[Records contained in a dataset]
---------------

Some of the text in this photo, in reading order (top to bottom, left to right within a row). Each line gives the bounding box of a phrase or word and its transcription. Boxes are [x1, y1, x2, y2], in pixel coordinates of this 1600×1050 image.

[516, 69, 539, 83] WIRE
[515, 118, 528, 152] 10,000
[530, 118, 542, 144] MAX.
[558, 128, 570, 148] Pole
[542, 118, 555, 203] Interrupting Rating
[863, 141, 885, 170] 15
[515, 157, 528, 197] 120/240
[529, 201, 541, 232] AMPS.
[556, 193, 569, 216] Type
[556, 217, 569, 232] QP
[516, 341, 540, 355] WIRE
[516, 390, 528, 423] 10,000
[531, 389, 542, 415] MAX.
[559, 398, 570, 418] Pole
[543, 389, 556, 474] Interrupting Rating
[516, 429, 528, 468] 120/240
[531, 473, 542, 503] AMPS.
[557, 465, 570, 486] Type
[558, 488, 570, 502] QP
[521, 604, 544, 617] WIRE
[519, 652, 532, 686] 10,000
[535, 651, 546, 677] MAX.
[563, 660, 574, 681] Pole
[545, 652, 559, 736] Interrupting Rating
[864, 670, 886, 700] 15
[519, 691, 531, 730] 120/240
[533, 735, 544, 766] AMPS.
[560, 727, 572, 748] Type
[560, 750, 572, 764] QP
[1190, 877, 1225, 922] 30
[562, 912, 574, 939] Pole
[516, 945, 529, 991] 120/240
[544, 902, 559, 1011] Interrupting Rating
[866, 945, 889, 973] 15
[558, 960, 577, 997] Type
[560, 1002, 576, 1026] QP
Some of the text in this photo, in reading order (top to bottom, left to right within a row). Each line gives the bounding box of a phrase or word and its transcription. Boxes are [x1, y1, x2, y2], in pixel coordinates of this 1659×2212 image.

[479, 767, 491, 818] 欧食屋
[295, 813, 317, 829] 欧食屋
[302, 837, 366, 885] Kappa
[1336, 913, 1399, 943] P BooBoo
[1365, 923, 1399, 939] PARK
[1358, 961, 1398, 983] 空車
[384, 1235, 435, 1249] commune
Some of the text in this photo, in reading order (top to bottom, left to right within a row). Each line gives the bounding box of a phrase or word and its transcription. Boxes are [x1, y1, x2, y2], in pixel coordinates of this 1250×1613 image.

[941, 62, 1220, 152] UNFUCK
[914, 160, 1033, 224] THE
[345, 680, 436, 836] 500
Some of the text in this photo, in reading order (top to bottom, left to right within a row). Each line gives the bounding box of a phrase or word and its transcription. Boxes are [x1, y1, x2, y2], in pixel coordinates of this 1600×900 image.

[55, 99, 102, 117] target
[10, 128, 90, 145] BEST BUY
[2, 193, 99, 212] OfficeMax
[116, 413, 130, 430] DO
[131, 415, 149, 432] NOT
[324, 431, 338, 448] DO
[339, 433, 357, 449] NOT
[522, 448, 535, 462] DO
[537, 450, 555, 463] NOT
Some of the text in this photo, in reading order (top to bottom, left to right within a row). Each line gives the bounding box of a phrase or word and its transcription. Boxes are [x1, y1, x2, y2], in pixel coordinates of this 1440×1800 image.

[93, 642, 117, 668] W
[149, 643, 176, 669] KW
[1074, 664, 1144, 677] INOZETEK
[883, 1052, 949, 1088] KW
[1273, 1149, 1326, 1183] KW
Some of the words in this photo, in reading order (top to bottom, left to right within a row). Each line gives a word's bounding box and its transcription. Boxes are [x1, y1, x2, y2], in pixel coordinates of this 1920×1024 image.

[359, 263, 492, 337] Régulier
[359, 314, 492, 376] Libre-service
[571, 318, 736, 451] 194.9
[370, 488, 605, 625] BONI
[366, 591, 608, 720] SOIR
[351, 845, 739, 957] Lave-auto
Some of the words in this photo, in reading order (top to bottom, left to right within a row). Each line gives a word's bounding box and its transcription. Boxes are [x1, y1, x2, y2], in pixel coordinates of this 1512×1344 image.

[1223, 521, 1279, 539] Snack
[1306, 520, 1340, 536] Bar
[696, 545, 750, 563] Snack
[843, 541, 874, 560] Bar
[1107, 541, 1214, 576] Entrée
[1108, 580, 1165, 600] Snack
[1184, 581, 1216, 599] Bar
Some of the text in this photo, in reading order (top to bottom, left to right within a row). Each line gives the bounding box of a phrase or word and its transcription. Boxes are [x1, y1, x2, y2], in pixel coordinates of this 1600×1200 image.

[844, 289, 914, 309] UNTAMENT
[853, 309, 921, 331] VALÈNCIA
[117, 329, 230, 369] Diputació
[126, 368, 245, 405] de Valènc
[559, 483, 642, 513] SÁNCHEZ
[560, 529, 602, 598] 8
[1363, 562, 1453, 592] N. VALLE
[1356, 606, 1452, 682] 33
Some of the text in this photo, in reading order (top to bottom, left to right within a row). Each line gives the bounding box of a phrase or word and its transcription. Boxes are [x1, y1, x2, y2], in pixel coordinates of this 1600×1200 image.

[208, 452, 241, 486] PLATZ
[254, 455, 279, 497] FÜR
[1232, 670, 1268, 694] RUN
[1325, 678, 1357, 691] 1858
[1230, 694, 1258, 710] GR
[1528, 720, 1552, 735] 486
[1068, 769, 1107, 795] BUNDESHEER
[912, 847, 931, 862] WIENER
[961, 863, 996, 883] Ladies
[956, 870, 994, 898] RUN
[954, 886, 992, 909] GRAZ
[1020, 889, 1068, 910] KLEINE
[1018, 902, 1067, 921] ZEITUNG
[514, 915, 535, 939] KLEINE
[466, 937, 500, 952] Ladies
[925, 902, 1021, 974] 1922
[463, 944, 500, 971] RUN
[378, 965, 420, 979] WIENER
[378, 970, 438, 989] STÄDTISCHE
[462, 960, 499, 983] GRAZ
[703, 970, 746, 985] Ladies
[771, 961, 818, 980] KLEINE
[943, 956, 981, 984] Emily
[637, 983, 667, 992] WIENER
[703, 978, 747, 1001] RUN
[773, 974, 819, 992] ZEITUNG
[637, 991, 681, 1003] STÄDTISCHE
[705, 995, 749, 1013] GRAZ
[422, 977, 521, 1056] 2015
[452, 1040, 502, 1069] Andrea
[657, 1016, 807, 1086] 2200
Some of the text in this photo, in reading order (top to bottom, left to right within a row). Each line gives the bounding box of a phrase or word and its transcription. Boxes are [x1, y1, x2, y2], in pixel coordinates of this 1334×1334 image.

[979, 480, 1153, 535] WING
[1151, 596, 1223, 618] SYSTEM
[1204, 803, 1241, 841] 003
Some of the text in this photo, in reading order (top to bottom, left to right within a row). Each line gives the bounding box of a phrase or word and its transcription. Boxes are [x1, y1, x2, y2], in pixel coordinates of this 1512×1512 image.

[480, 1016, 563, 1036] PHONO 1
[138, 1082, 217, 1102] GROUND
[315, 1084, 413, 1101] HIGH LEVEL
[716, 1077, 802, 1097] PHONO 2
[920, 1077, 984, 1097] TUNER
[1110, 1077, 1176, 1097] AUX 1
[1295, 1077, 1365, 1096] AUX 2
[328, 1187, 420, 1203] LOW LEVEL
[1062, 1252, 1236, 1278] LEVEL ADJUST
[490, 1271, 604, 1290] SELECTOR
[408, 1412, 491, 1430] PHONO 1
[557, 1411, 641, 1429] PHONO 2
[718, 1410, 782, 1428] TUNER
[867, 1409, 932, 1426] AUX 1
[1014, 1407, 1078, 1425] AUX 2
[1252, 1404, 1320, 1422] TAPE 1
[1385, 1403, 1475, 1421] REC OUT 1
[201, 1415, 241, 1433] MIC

---------------

● **Problem**:
Could you please reproduce each record exactly, leaving nothing out?

● **Final answer**:
Some of the text in this photo, in reading order (top to bottom, left to right within a row). Each line gives the bounding box of a phrase or word and its transcription. Boxes are [x1, y1, x2, y2], in pixel coordinates of this 1600×1050 image.

[516, 69, 539, 83] WIRE
[515, 118, 528, 152] 10,000
[530, 118, 542, 144] MAX.
[558, 128, 570, 148] Pole
[542, 118, 555, 203] Interrupting Rating
[863, 141, 885, 170] 15
[515, 157, 528, 197] 120/240
[529, 201, 541, 232] AMPS.
[556, 193, 569, 216] Type
[556, 217, 569, 232] QP
[516, 341, 540, 355] WIRE
[516, 390, 528, 423] 10,000
[531, 389, 542, 415] MAX.
[559, 398, 570, 418] Pole
[543, 389, 556, 474] Interrupting Rating
[516, 429, 528, 468] 120/240
[531, 473, 542, 503] AMPS.
[557, 465, 570, 486] Type
[558, 488, 570, 502] QP
[521, 604, 544, 617] WIRE
[519, 652, 532, 686] 10,000
[535, 651, 546, 677] MAX.
[563, 660, 574, 681] Pole
[545, 652, 559, 736] Interrupting Rating
[864, 670, 886, 700] 15
[519, 691, 531, 730] 120/240
[533, 735, 544, 766] AMPS.
[560, 727, 572, 748] Type
[560, 750, 572, 764] QP
[1190, 877, 1225, 922] 30
[562, 912, 574, 939] Pole
[516, 945, 529, 991] 120/240
[544, 902, 559, 1011] Interrupting Rating
[866, 945, 889, 973] 15
[558, 960, 577, 997] Type
[560, 1002, 576, 1026] QP
Some of the text in this photo, in reading order (top to bottom, left to right within a row). Each line gives the bounding box of a phrase or word and its transcription. Boxes are [x1, y1, x2, y2], in pixel coordinates of this 1659×2212 image.

[479, 767, 491, 818] 欧食屋
[295, 813, 317, 829] 欧食屋
[302, 837, 366, 885] Kappa
[1336, 913, 1399, 943] P BooBoo
[1365, 923, 1399, 939] PARK
[1358, 961, 1398, 983] 空車
[384, 1235, 435, 1249] commune
Some of the text in this photo, in reading order (top to bottom, left to right within a row). Each line gives the bounding box of a phrase or word and its transcription. Boxes are [x1, y1, x2, y2], in pixel coordinates of this 1250×1613 image.

[941, 62, 1220, 152] UNFUCK
[914, 160, 1033, 224] THE
[345, 680, 436, 836] 500
Some of the text in this photo, in reading order (top to bottom, left to right within a row). Each line gives the bounding box of a phrase or word and its transcription. Boxes are [x1, y1, x2, y2], in pixel coordinates of this 1600×900 image.

[55, 99, 102, 117] target
[10, 128, 90, 145] BEST BUY
[2, 193, 99, 212] OfficeMax
[116, 413, 130, 430] DO
[131, 415, 149, 432] NOT
[324, 431, 338, 448] DO
[339, 433, 357, 449] NOT
[522, 448, 535, 462] DO
[537, 450, 555, 463] NOT
Some of the text in this photo, in reading order (top to bottom, left to right within a row). Each line gives the bounding box of a phrase or word and its transcription. Boxes are [x1, y1, x2, y2], in pixel coordinates of this 1440×1800 image.

[93, 642, 117, 668] W
[149, 643, 176, 669] KW
[1074, 664, 1144, 677] INOZETEK
[883, 1052, 949, 1088] KW
[1273, 1149, 1326, 1183] KW
Some of the words in this photo, in reading order (top to bottom, left to right within a row). Each line gives a word's bounding box and its transcription. Boxes are [x1, y1, x2, y2], in pixel coordinates of this 1920×1024 image.

[359, 263, 492, 337] Régulier
[359, 314, 492, 376] Libre-service
[571, 318, 736, 451] 194.9
[370, 488, 605, 625] BONI
[366, 591, 608, 720] SOIR
[351, 845, 739, 957] Lave-auto
Some of the words in this photo, in reading order (top to bottom, left to right within a row). Each line gives a word's bounding box and its transcription. Boxes are [x1, y1, x2, y2], in pixel coordinates of this 1512×1344 image.

[1223, 521, 1279, 539] Snack
[1306, 520, 1340, 536] Bar
[696, 545, 750, 563] Snack
[843, 541, 874, 560] Bar
[1107, 541, 1214, 576] Entrée
[1108, 580, 1165, 600] Snack
[1184, 581, 1216, 599] Bar
Some of the text in this photo, in reading order (top to bottom, left to right within a row). Each line gives the bounding box of a phrase or word and its transcription. Boxes are [x1, y1, x2, y2], in pixel coordinates of this 1600×1200 image.

[844, 289, 914, 309] UNTAMENT
[853, 309, 921, 331] VALÈNCIA
[117, 329, 230, 369] Diputació
[126, 368, 245, 405] de Valènc
[559, 483, 642, 513] SÁNCHEZ
[560, 529, 602, 598] 8
[1363, 562, 1453, 592] N. VALLE
[1356, 606, 1452, 682] 33
Some of the text in this photo, in reading order (top to bottom, left to right within a row). Each line gives the bounding box of a phrase or word and its transcription. Boxes are [x1, y1, x2, y2], in pixel coordinates of this 1600×1200 image.

[208, 452, 241, 486] PLATZ
[254, 455, 279, 497] FÜR
[1232, 670, 1268, 694] RUN
[1325, 678, 1357, 691] 1858
[1230, 694, 1258, 710] GR
[1528, 720, 1552, 735] 486
[1068, 769, 1107, 795] BUNDESHEER
[912, 847, 931, 862] WIENER
[961, 863, 996, 883] Ladies
[956, 870, 994, 898] RUN
[954, 886, 992, 909] GRAZ
[1020, 889, 1068, 910] KLEINE
[1018, 902, 1067, 921] ZEITUNG
[514, 915, 535, 939] KLEINE
[466, 937, 500, 952] Ladies
[925, 902, 1021, 974] 1922
[463, 944, 500, 971] RUN
[378, 965, 420, 979] WIENER
[378, 970, 438, 989] STÄDTISCHE
[462, 960, 499, 983] GRAZ
[703, 970, 746, 985] Ladies
[771, 961, 818, 980] KLEINE
[943, 956, 981, 984] Emily
[637, 983, 667, 992] WIENER
[703, 978, 747, 1001] RUN
[773, 974, 819, 992] ZEITUNG
[637, 991, 681, 1003] STÄDTISCHE
[705, 995, 749, 1013] GRAZ
[422, 977, 521, 1056] 2015
[452, 1040, 502, 1069] Andrea
[657, 1016, 807, 1086] 2200
Some of the text in this photo, in reading order (top to bottom, left to right within a row). Each line gives the bounding box of a phrase or word and its transcription. Boxes are [x1, y1, x2, y2], in pixel coordinates of this 1334×1334 image.

[979, 480, 1153, 535] WING
[1151, 596, 1223, 618] SYSTEM
[1204, 803, 1241, 841] 003
Some of the text in this photo, in reading order (top to bottom, left to right within a row). Each line gives the bounding box of a phrase or word and its transcription. Boxes are [x1, y1, x2, y2], in pixel coordinates of this 1512×1512 image.

[480, 1016, 563, 1036] PHONO 1
[138, 1082, 217, 1102] GROUND
[315, 1084, 413, 1101] HIGH LEVEL
[716, 1077, 802, 1097] PHONO 2
[920, 1077, 984, 1097] TUNER
[1110, 1077, 1176, 1097] AUX 1
[1295, 1077, 1365, 1096] AUX 2
[328, 1187, 420, 1203] LOW LEVEL
[1062, 1252, 1236, 1278] LEVEL ADJUST
[490, 1271, 604, 1290] SELECTOR
[408, 1412, 491, 1430] PHONO 1
[557, 1411, 641, 1429] PHONO 2
[718, 1410, 782, 1428] TUNER
[867, 1409, 932, 1426] AUX 1
[1014, 1407, 1078, 1425] AUX 2
[1252, 1404, 1320, 1422] TAPE 1
[1385, 1403, 1475, 1421] REC OUT 1
[201, 1415, 241, 1433] MIC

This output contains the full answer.